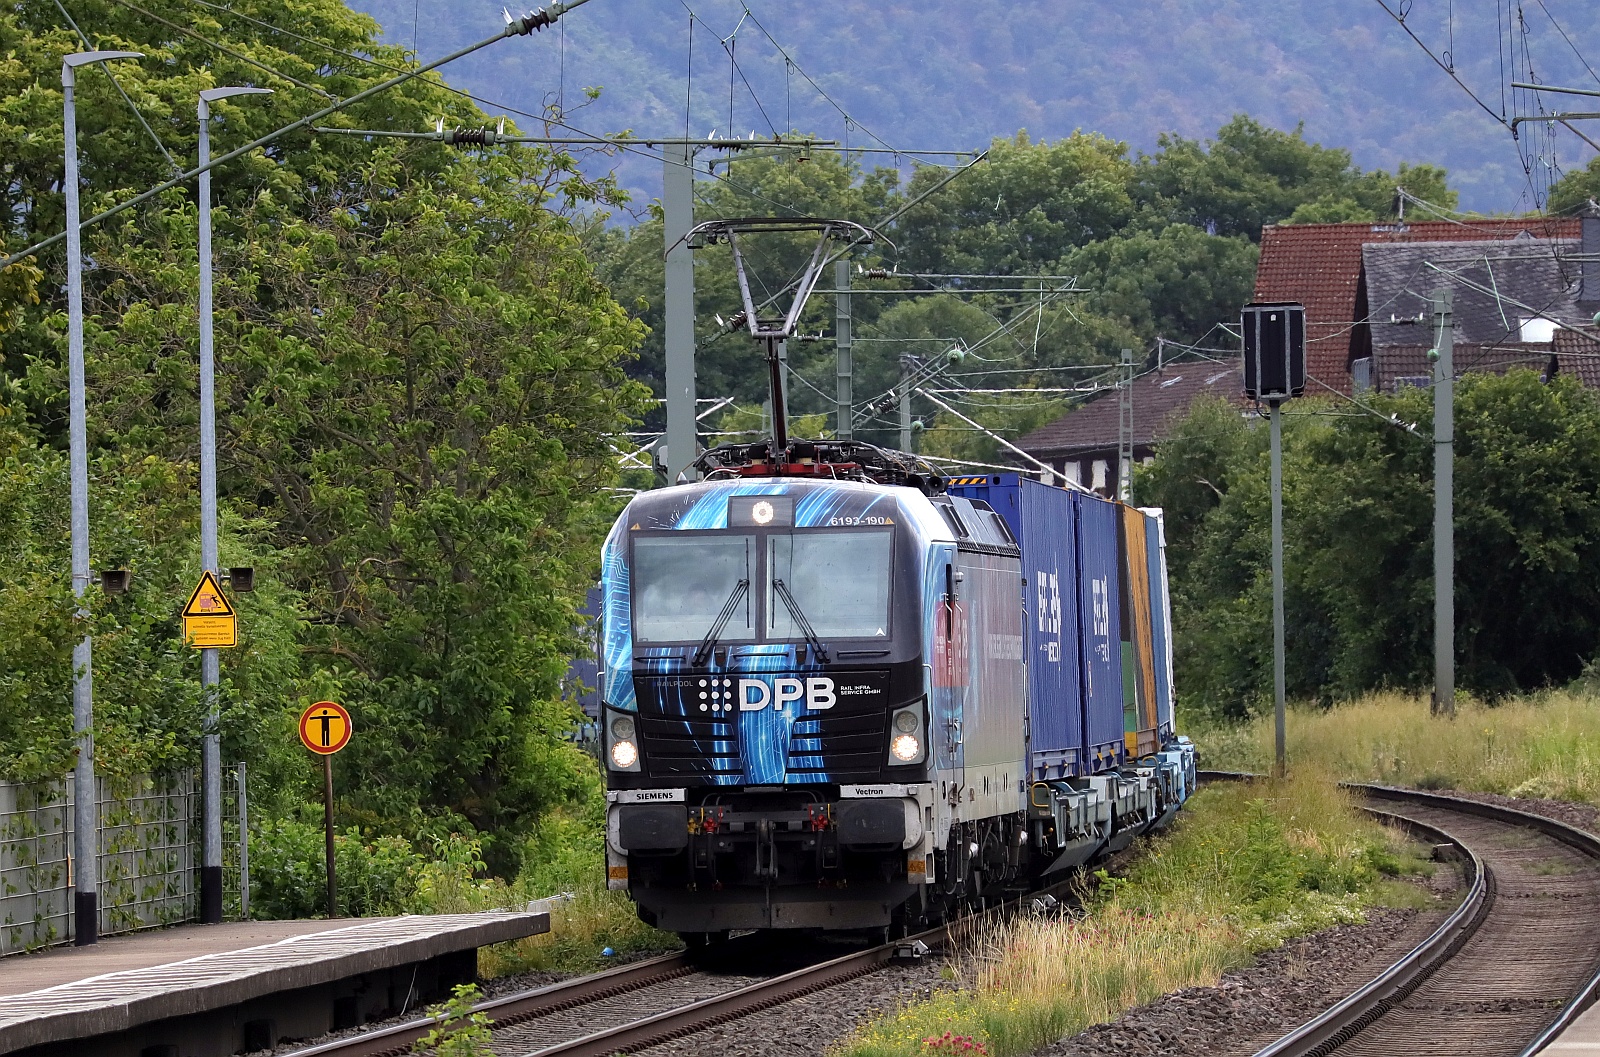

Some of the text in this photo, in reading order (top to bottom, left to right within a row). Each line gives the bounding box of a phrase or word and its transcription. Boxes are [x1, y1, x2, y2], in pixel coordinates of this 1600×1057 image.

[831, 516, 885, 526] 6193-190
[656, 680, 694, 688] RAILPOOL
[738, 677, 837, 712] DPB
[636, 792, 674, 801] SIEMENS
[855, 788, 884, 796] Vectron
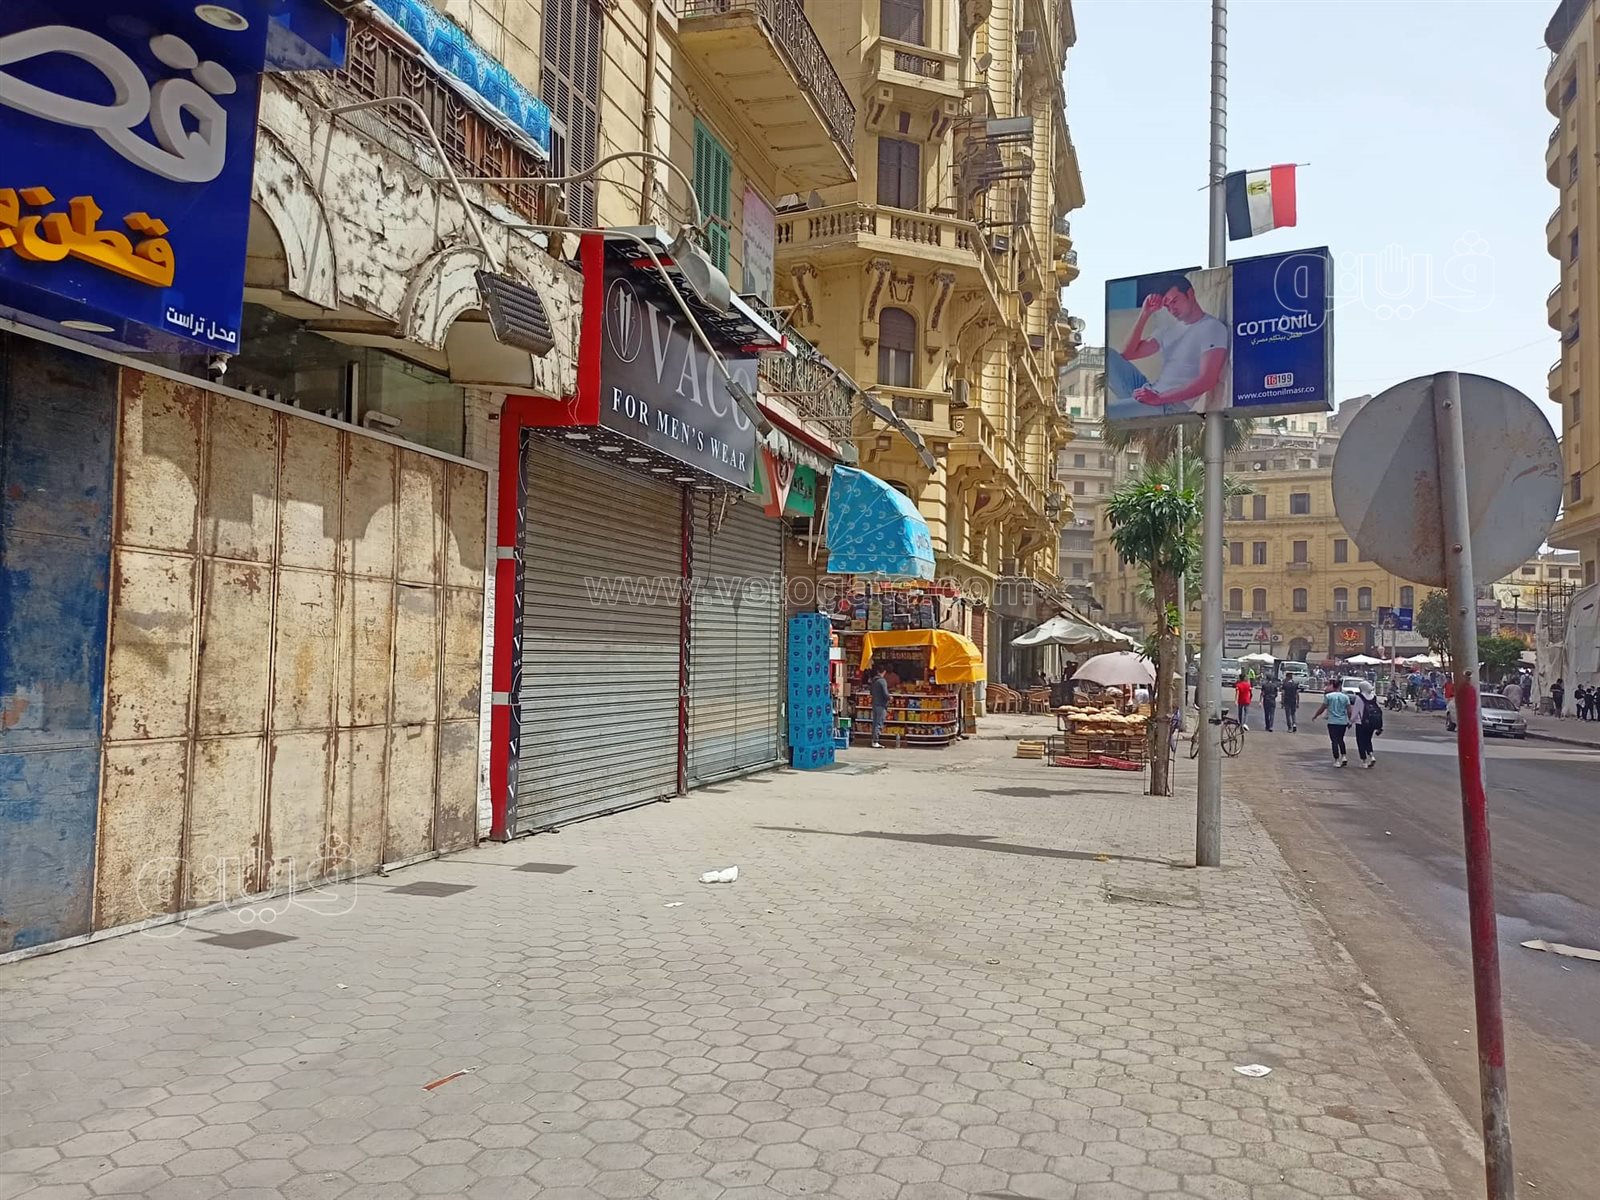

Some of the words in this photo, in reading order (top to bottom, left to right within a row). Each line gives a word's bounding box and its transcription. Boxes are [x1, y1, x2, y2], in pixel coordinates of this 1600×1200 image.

Task goal
Copy all the material above exactly, but skip each image.

Output of the exercise
Some of the text in this photo, in reading order (top to bottom, left to right within a row). Each line gives the bounding box of a phrase or word and its transcription. Boxes are [x1, y1, x2, y2], in pixel coordinates of this 1600×1057 image.

[831, 516, 885, 526] 6193-190
[656, 680, 694, 688] RAILPOOL
[738, 677, 837, 712] DPB
[636, 792, 674, 801] SIEMENS
[855, 788, 884, 796] Vectron

Some of the words in this photo, in reading order (top to bottom, left to right within a row). Each line gives a word's bounding box and its transcription. Boxes are [x1, y1, x2, y2], in pixel coordinates of this 1600×1200 image.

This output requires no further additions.